If you like pre-FF29 Firefox: https://www.palemoon.org/ currently supports Windows and Linux with a beta version for Mac.
Maybe the bookmarks button, but I bet there is an extension for that OR you can have the bookmarks bar always-on in Chrome anyway.
Other than the File/Edit menu, my Chrome is exactly the same.
Me, I use that stuff.
It's mostly just a bunch of little things, like a full titlebar, a little minimally functional icon at the upper left instead of a clickable menu, and the icons and tabs shuffled around a bit. Everything where I want it, rather than being shoved off to the side in a corner menu.
I'm trying to think of a piece of software I've used in the last several years that still has them and aside Photoshop and lightroom I'm coming up blank.
Though when I opened up Paint for the first time in years in order to paste and save that screenshot...ugh. Now that has to be the worst design that I've ever seen. It's like they ran down through a checklist of every single modern Windows UI element, and made sure that all of them were implemented somehow.

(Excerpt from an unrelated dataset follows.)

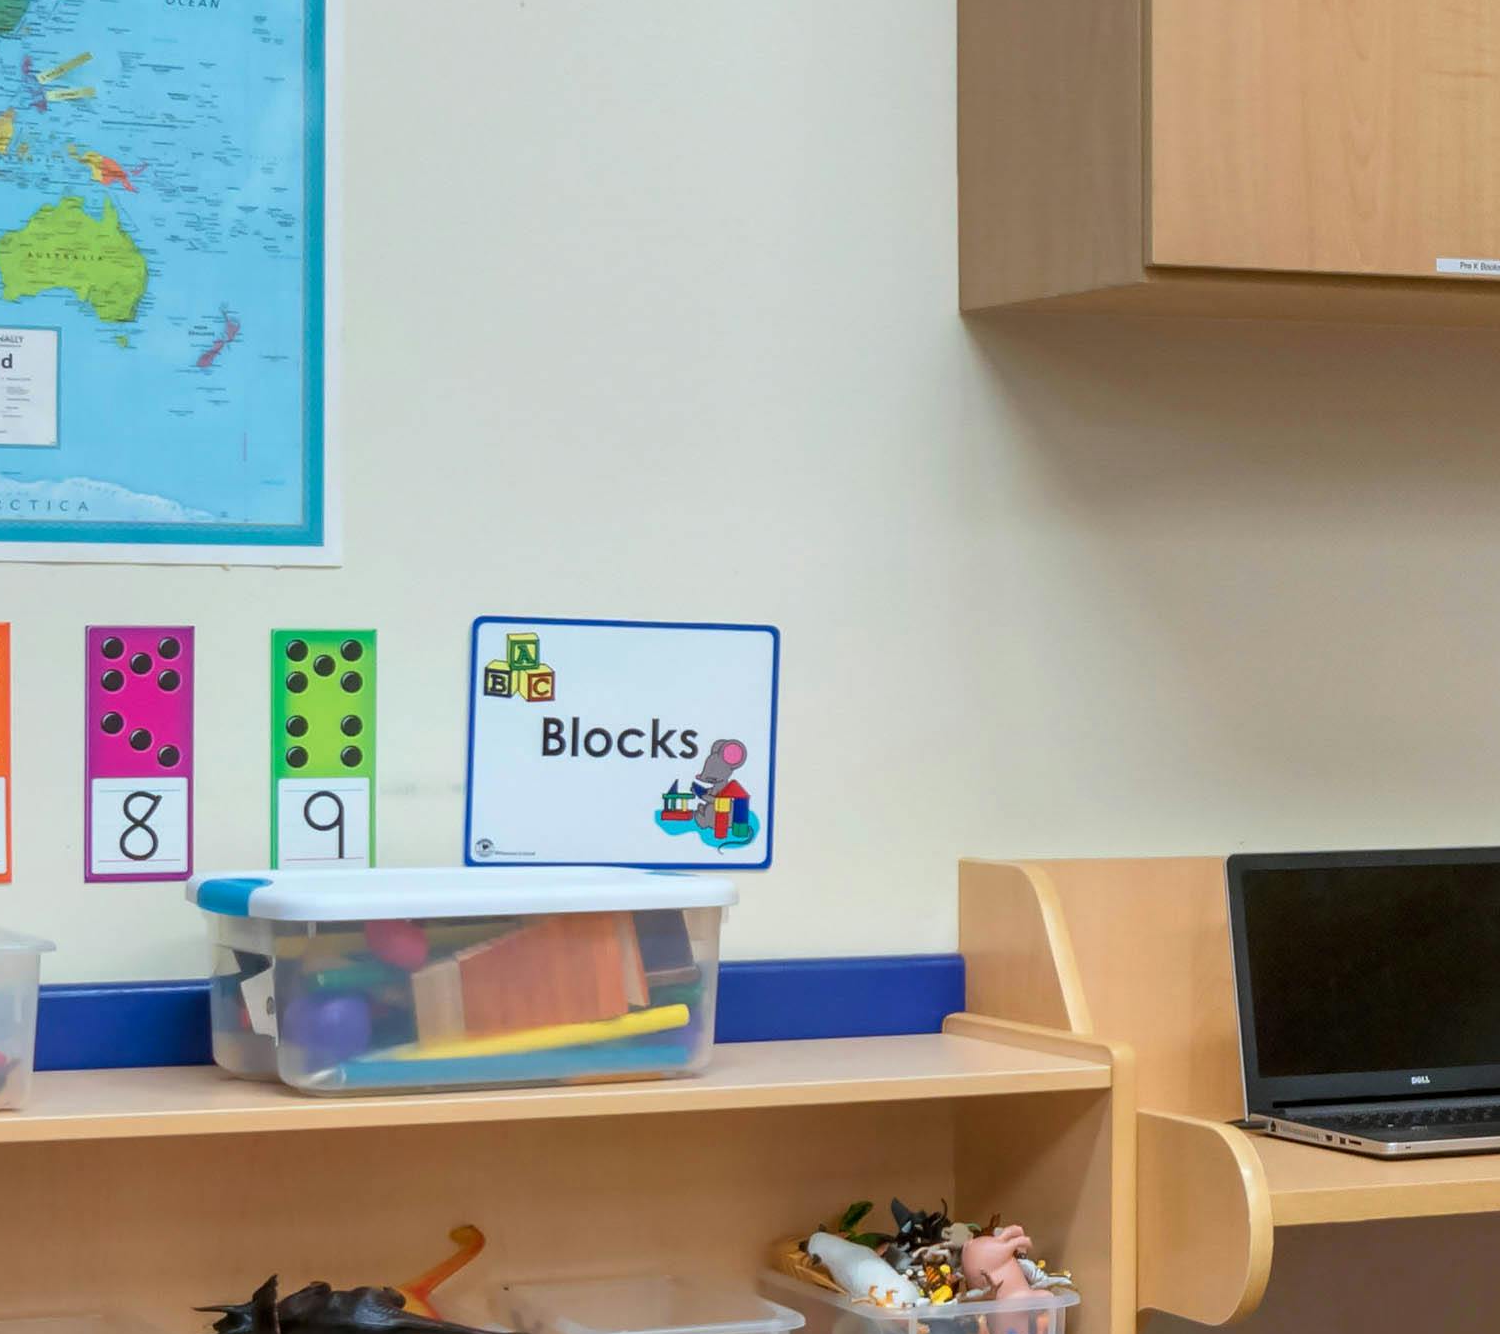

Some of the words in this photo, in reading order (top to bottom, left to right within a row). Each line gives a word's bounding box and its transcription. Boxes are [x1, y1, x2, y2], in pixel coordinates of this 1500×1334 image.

Edit: I went and poked around in Windows Explorer for a bit, and was surprised to find that there isn't an in-program options menu. It still exists, but for some reason it's shuffled off to the control panel. I can see why that makes sense to put it there since it'd likely affect desktop icons as well, but why isn't there a link to it inside Windows Explorer itself?

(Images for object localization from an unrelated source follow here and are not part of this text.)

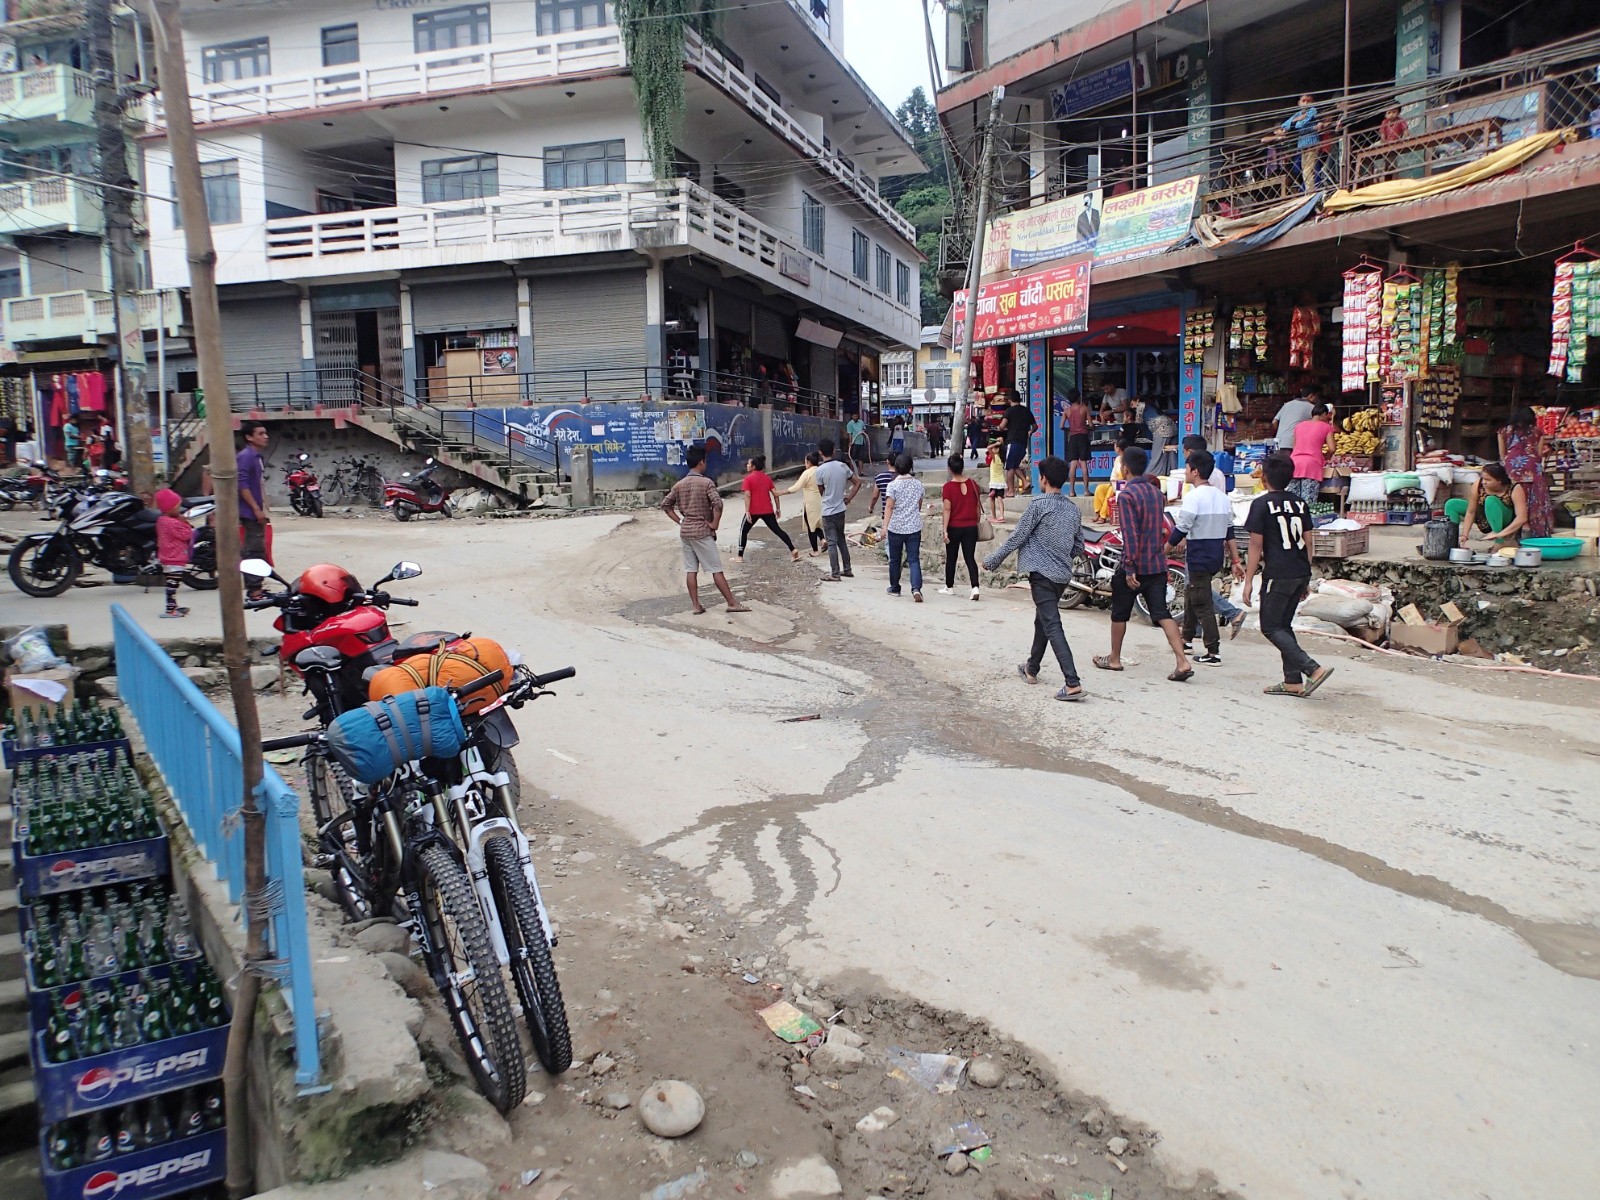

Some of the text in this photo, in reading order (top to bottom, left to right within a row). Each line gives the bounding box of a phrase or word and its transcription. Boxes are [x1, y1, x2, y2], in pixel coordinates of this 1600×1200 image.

[999, 291, 1018, 315] सुन
[1046, 278, 1076, 301] पसल
[1267, 500, 1305, 514] LAY
[109, 1047, 209, 1089] PEPSI
[113, 1148, 212, 1192] PEPSI

Edit again: The moderniest thing that I use is probably Matlab, but even then I find the ribbon to just get in the way of things that I could do more easily if it would let me have menus.
Performance is pretty neck-and-neck in most places. Standards support is also back and forth between them. I've seen sites that break on Firefox, but it's usually the site that was doing something screwy, not Firefox.
Pretty sure Chrome passes way more web compliance tests than firefox
I'd be interested in seeing which tests Firefox has trouble with. Do you have any links?
Edit: I've used this site in the past. Doesn't look like either one has a huge lead?
Here's the very first link I pulled out of Google. It's from back in April so the results are going to be unkind to Microsoft Edge (which was still named Project Spartan at the time), and there's certainly been improvements in most if not all of the browsers in the past few months, but it shows Chrome having a definite lead on HTML5 compliance.
Note that, unless there's majority browser support for any given HTML5 feature, supporting said feature is mostly academic because it'd be a very bad choice as a web designer to build a feature that only a small percentage of your users could take advantage of.
The real web standard is whatever browser works the least well between Chrome, Edge, IE and FF.
Neo Geo Big Red owners club.
2009 PAX Puzzle Quest Champion
I have beat Rygar on the NES and many of you have not.